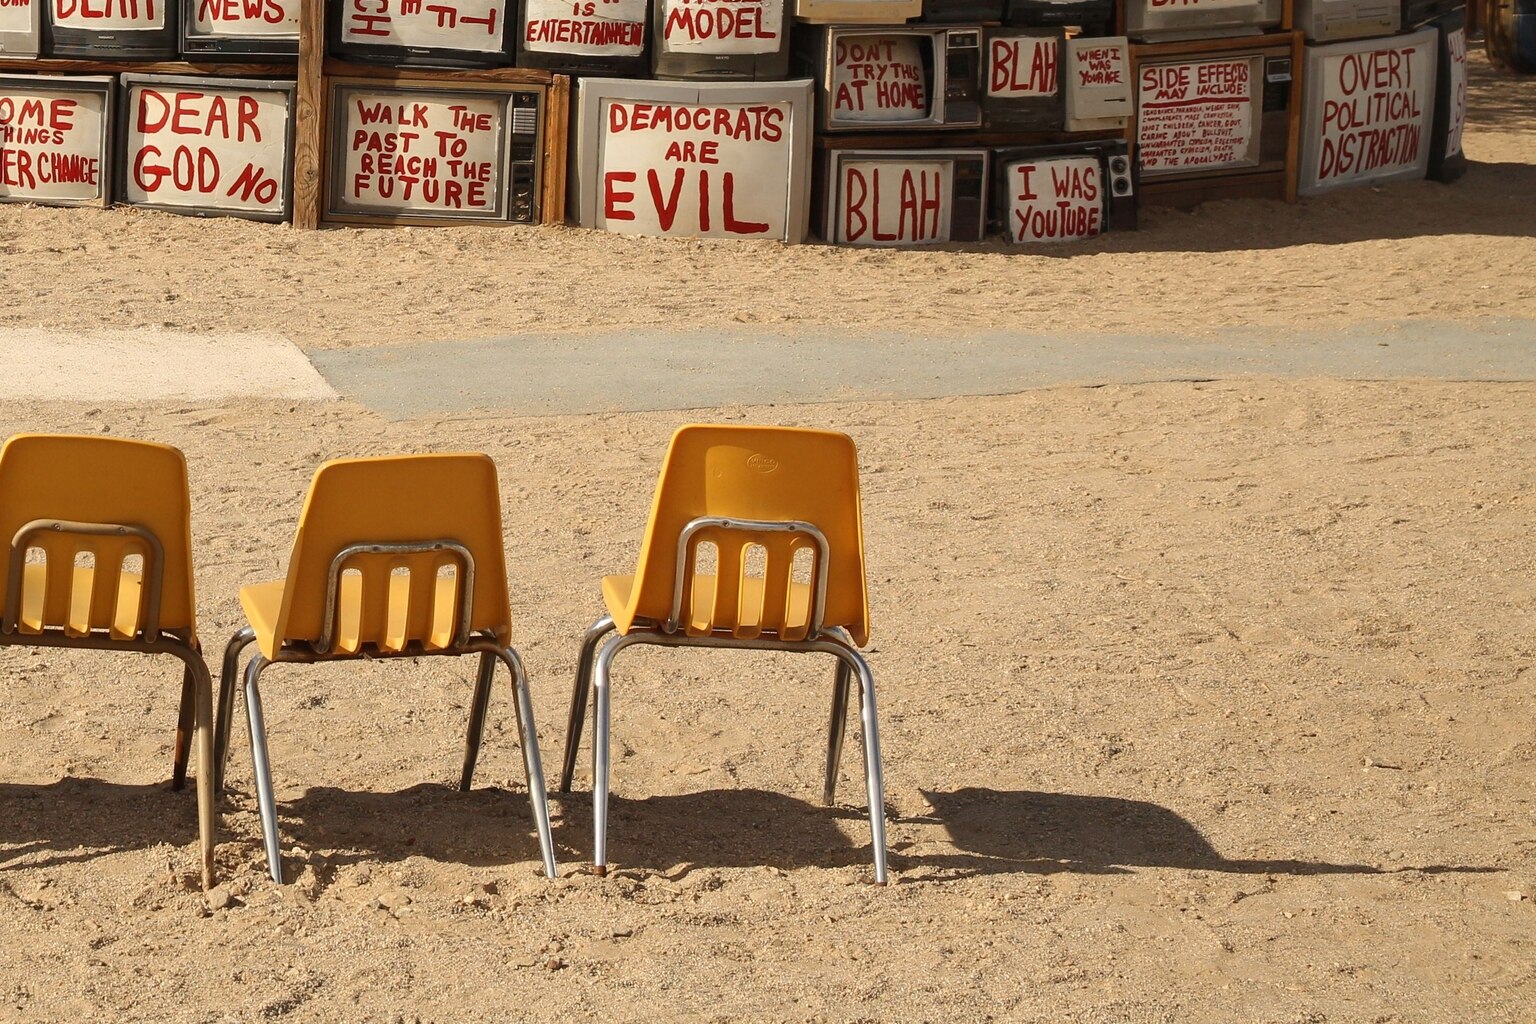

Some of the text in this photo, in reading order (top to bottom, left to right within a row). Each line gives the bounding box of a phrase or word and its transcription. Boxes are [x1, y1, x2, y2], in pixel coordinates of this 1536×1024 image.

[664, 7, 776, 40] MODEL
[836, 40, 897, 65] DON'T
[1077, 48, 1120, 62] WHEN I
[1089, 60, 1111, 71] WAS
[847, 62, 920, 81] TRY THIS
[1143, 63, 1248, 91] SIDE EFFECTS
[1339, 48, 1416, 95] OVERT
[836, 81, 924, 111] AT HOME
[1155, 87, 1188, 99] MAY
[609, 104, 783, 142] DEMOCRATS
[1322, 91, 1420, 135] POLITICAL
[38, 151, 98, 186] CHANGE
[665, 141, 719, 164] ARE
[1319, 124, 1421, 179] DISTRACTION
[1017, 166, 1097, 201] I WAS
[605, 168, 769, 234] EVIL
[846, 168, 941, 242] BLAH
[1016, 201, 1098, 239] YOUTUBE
● ● ● ● ● ● ●
* TASK PROMPT:
Repeat the listing verbatim without its pictures.

* FINISHED TASK:
Some of the text in this photo, in reading order (top to bottom, left to right within a row). Each line gives the bounding box of a phrase or word and its transcription. Boxes are [x1, y1, x2, y2], in pixel coordinates of this 1536×1024 image.

[664, 7, 776, 40] MODEL
[836, 40, 897, 65] DON'T
[1077, 48, 1120, 62] WHEN I
[1089, 60, 1111, 71] WAS
[847, 62, 920, 81] TRY THIS
[1143, 63, 1248, 91] SIDE EFFECTS
[1339, 48, 1416, 95] OVERT
[836, 81, 924, 111] AT HOME
[1155, 87, 1188, 99] MAY
[609, 104, 783, 142] DEMOCRATS
[1322, 91, 1420, 135] POLITICAL
[38, 151, 98, 186] CHANGE
[665, 141, 719, 164] ARE
[1319, 124, 1421, 179] DISTRACTION
[1017, 166, 1097, 201] I WAS
[605, 168, 769, 234] EVIL
[846, 168, 941, 242] BLAH
[1016, 201, 1098, 239] YOUTUBE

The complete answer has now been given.